一方で花王(4452)が6.3%安となりました。パーム油などの原材料価格が高騰し採算が悪化したことなどから第1四半期の営業利益が前年同期比で25.8%減と大幅な減益となったことを嫌気した売りが出ました。シャープ(6753)は2023年3月期の業績予想の開示を見送ったことで業績の先行き不透明感を懸念した売りが出て8.2%安となっています。
VIEW POINT: 明日への視点
本日の日経平均は464円安となりました。
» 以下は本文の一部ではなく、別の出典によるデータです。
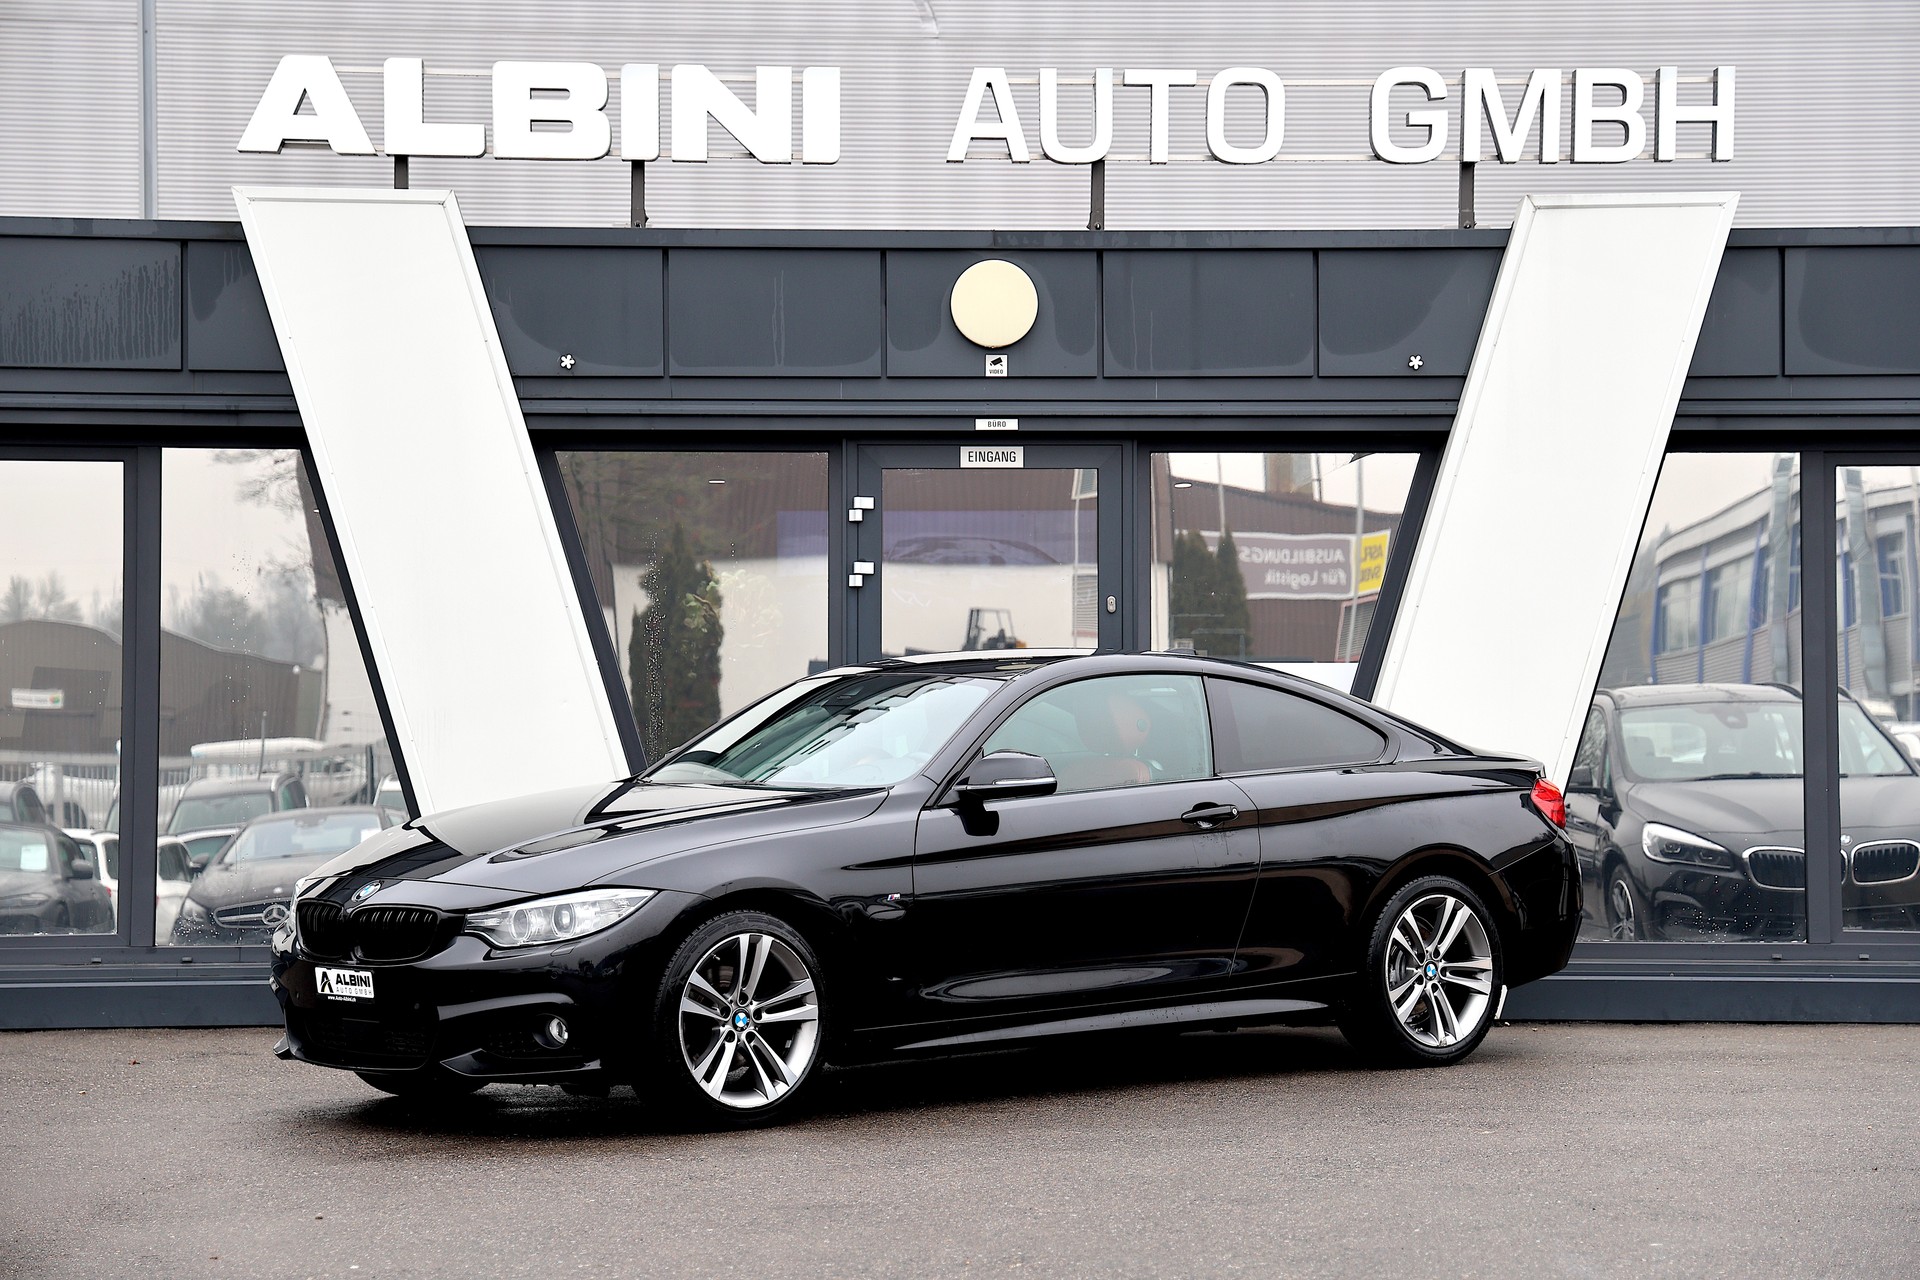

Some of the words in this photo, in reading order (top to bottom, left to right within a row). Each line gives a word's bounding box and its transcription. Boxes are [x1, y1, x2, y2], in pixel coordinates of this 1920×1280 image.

[238, 54, 841, 164] ALBINI
[946, 67, 1286, 164] AUTO
[1369, 66, 1736, 164] GMBH
[968, 451, 1016, 462] EINGANG
[336, 973, 371, 987] ALBINI
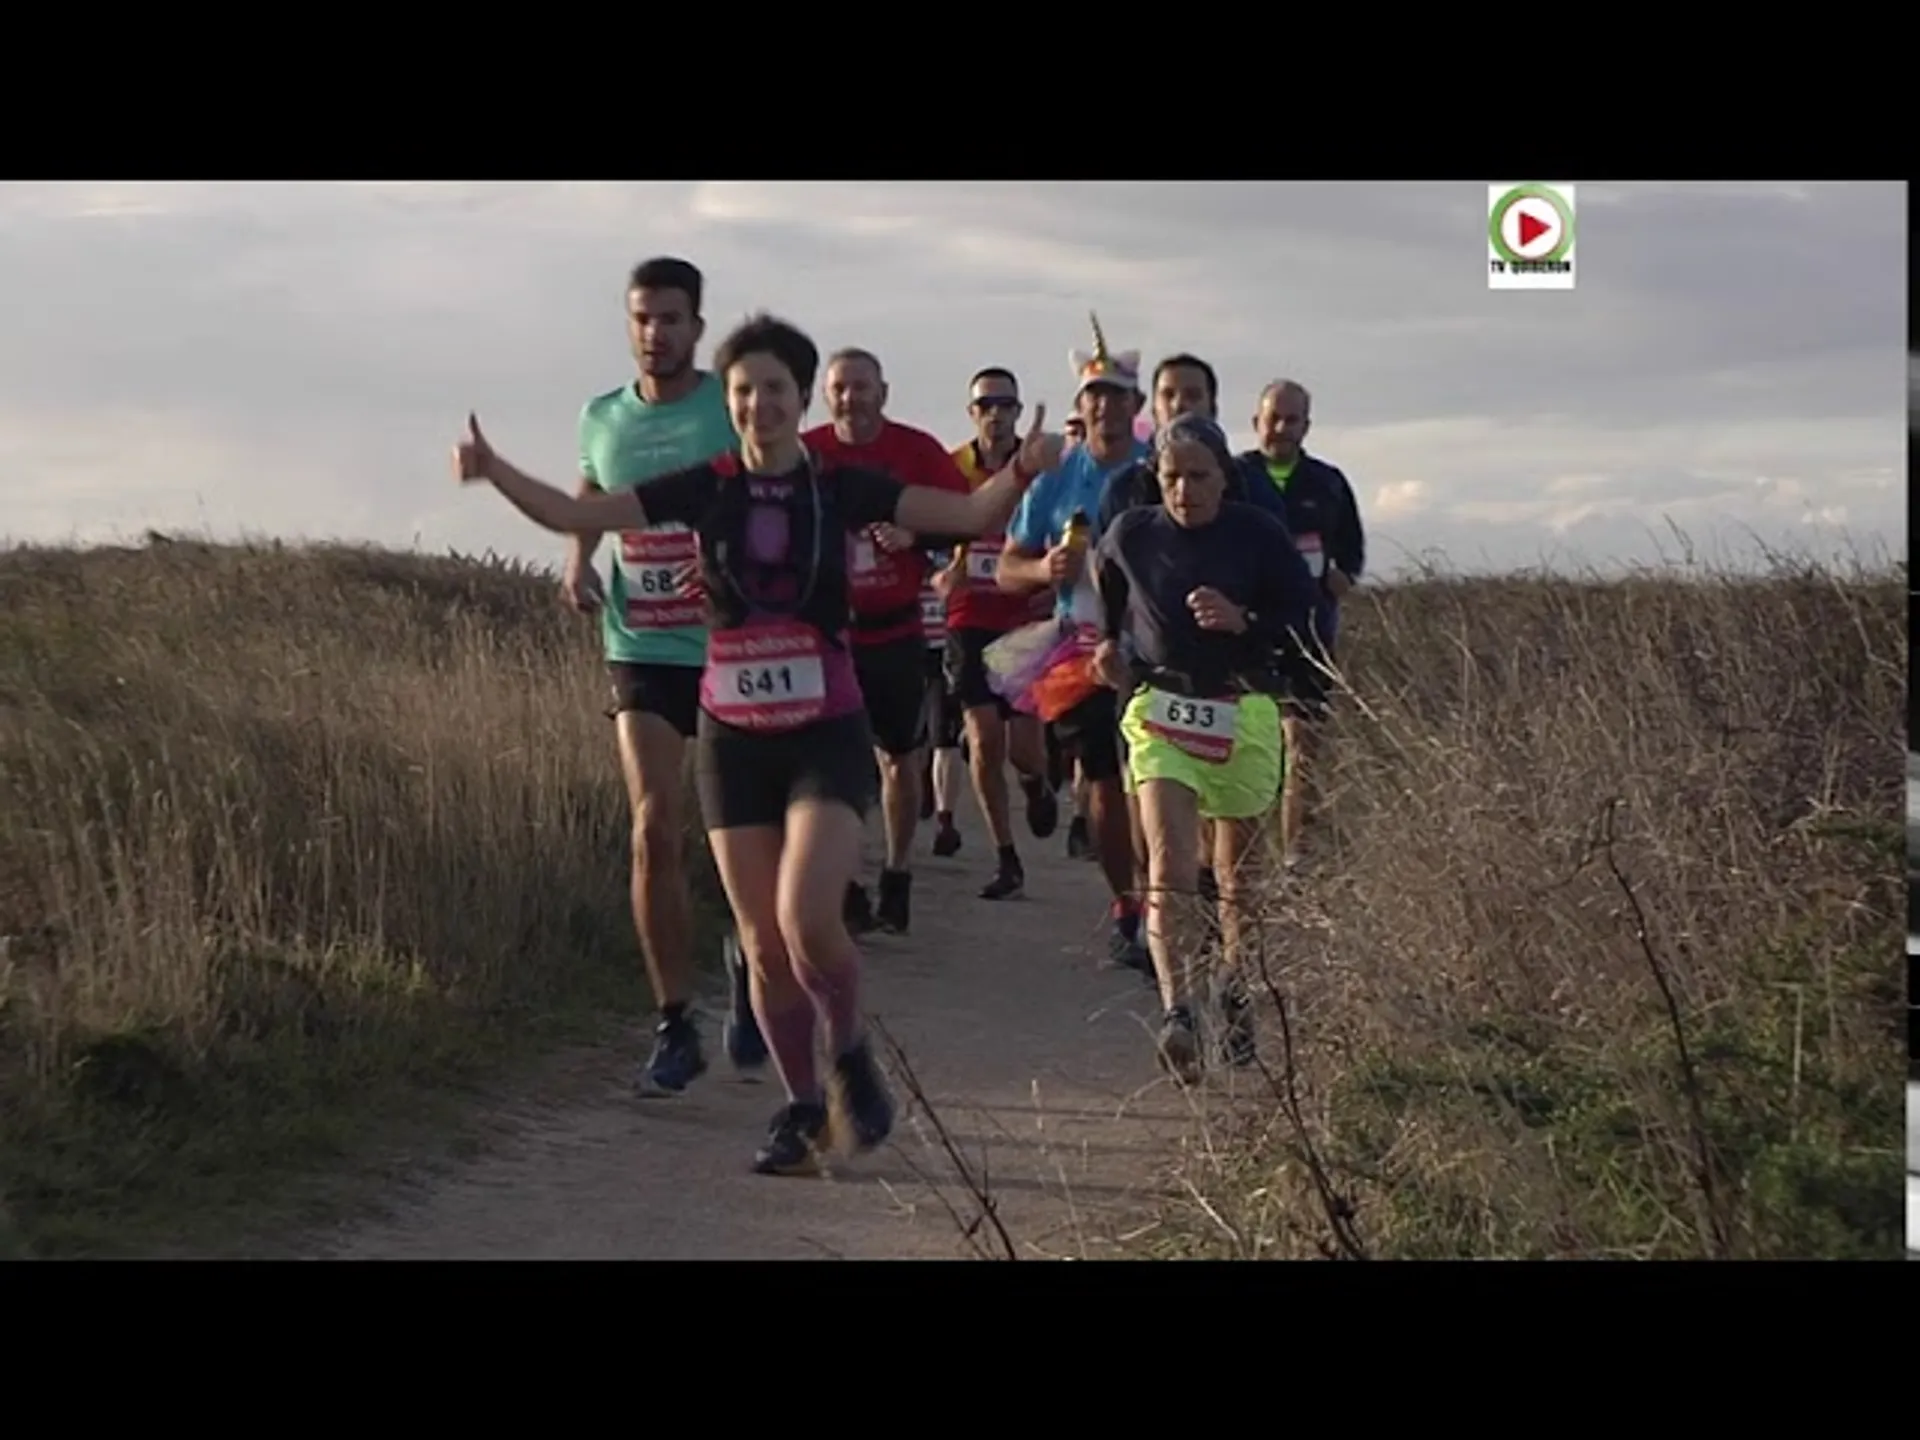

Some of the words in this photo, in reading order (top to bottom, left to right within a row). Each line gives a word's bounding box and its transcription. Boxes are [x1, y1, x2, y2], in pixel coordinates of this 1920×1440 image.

[641, 569, 682, 593] 68
[736, 664, 792, 698] 641
[1166, 699, 1215, 728] 633
米消費者物価指数(CPI)が市場予想を上回る伸びとなったことでハイテク株を中心に売りが出て昨日の米国市場で主要3指数が揃って年初来安値を更新したことで売りが優勢となりました。押し目買いが入り下げ渋り節目の26,000円を回復する場面もありましたが、26,000円を上回ったところでは上値が重く後場に入って再び下げ幅を広げ26,000円を下回って取引を終えています。そのため下値への警戒感が意識されますが、昨日の小幅な上昇を挟んでこの4日間で1,200円以上も下げていることから明日以降の自律反発に期待したいところです。なお、決算発表が続いていますが本日も引け後に日産(7201)や東京エレクトロン(8035)、ソフトバンクグループ(9984)などが決算を発表する予定です。また、日本時間の21時30分には米新規失業保険申請件数や4月の米卸売物価指数(PPI)が発表される予定で、物価動向に神経質な展開が続いていることから米卸売物価指数に対するマーケットの反応が注目されます。